In steps 128 and 130, the packer 22 is unset and the BHA 10 is
moved up hole (as shown in FIG. 3D) adjacent to a third zone 7,
respectively. In step 132, hydraulic fluid is pumped down the
tubing string 12 and through the hydra jetting ports 20 into the
third zone 7 at sufficient pressure to perforate the third zone, as
shown in FIG. 3E. In step 134, the fluid is ejected from ports 20
at sufficient enough pressure and for sufficient enough time to
initiate a fracture in the third zone 7. In step 136, the packer 22
is set between the second zone 5 and third zone 7. Next, in step
138, a fracture fluid is pumped down the annulus 11 and into the
perforations 60 formed in the third zone 7 so as to fracture the
second zone 5. Next, in step 140, simultaneous with steps 134-138,
the previously placed fracturing fluid in the first and second
zones 3 and 5 is flowed back to the surface through the BHA 10 and
tubing string 12, as indicated by the arrows flowing up the valve
sub 28 in FIG. 3F.
Next, step 142, which is to repeat steps 128-140, may be repeated
for each additional zone that the well operator desires to
fracture. As those of ordinary skill in the art will appreciate, if
only two zones are desired to be fractured, only steps 100 through
128 are to be performed. Once all of the desired zones have been
fractured, the BHA 10 may be pulled up hole to a location above all
of the fractured zones where the packer 22 may be set and the
remaining previously placed fracture fluid may be recovered up the
BHA 10 and tubing string 12. Alternatively, the BHA 10 can be
pulled completely out of the hole and the previously placed
fracture fluid may be recovered up the wellbore 2. As those of
ordinary skill in the art will also appreciate, not all of the
steps that would ordinarily be performed in carrying out the method
according to the present invention are described.
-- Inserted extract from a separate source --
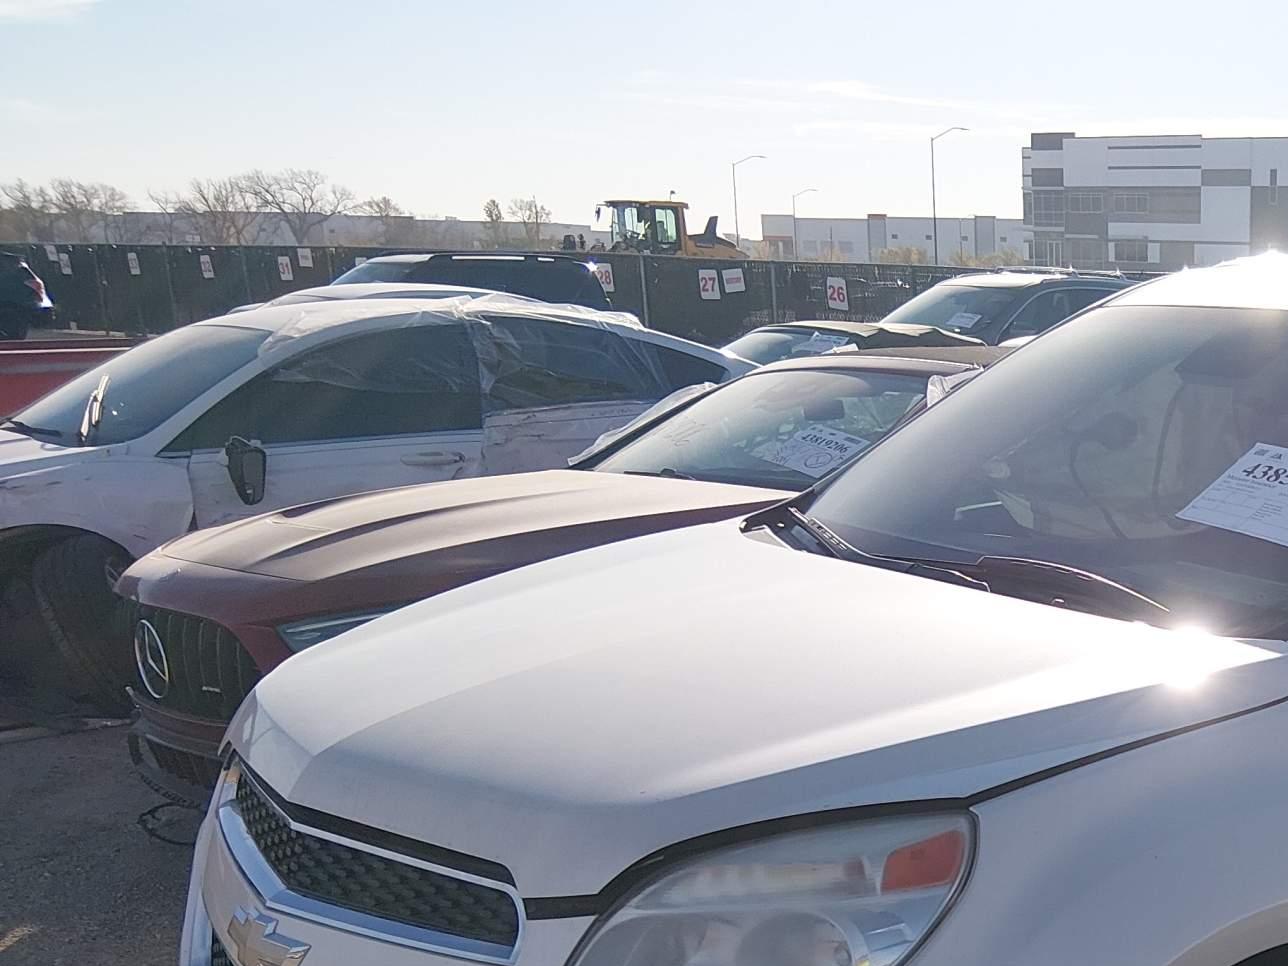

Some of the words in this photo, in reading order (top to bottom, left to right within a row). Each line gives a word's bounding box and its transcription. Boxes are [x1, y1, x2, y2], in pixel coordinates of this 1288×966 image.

[278, 262, 290, 276] 31
[597, 270, 612, 285] 28
[700, 276, 717, 293] 27
[828, 285, 846, 303] 26
For example, the
wellbore 2 may be lined with a casing, which may or may not be
cemented to the wellbore 2. Those of ordinary skill in the art
would know under what circumstances to case (or not case) the
wellbore 2 and whether such casing should be cemented to the wall
of the wellbore 2. Furthermore, the steps of washing the wellbore 2
down is not specifically recited. Washing or circulating the
wellbore is needed if proppant or other sediments settle out of the
fluid and collect at the bottom. Circulating the well may also be
needed after perforating and before fracturing because it is
undesirable for the fluid in the annulus to make its way into the
reservoir.
Therefore, the present invention is well-adapted to carry out the
objects and attain the ends and advantages mentioned as well as
those which are inherent therein. While the invention has been
depicted, described, and is defined by reference to exemplary
embodiments of the invention, such a reference does not imply a
limitation on the invention, and no such limitation is to be
inferred. The invention is capable of considerable modification,
alteration, and equivalents in form and function, as will occur to
those ordinarily skilled in the pertinent arts and having the
benefit of this disclosure. The depicted and described embodiments
of the invention are exemplary only, and are not exhaustive of the
scope of the invention. Consequently, the invention is intended to
be limited only by the spirit and scope of the appended claims,
giving full cognizance to equivalents in all respects.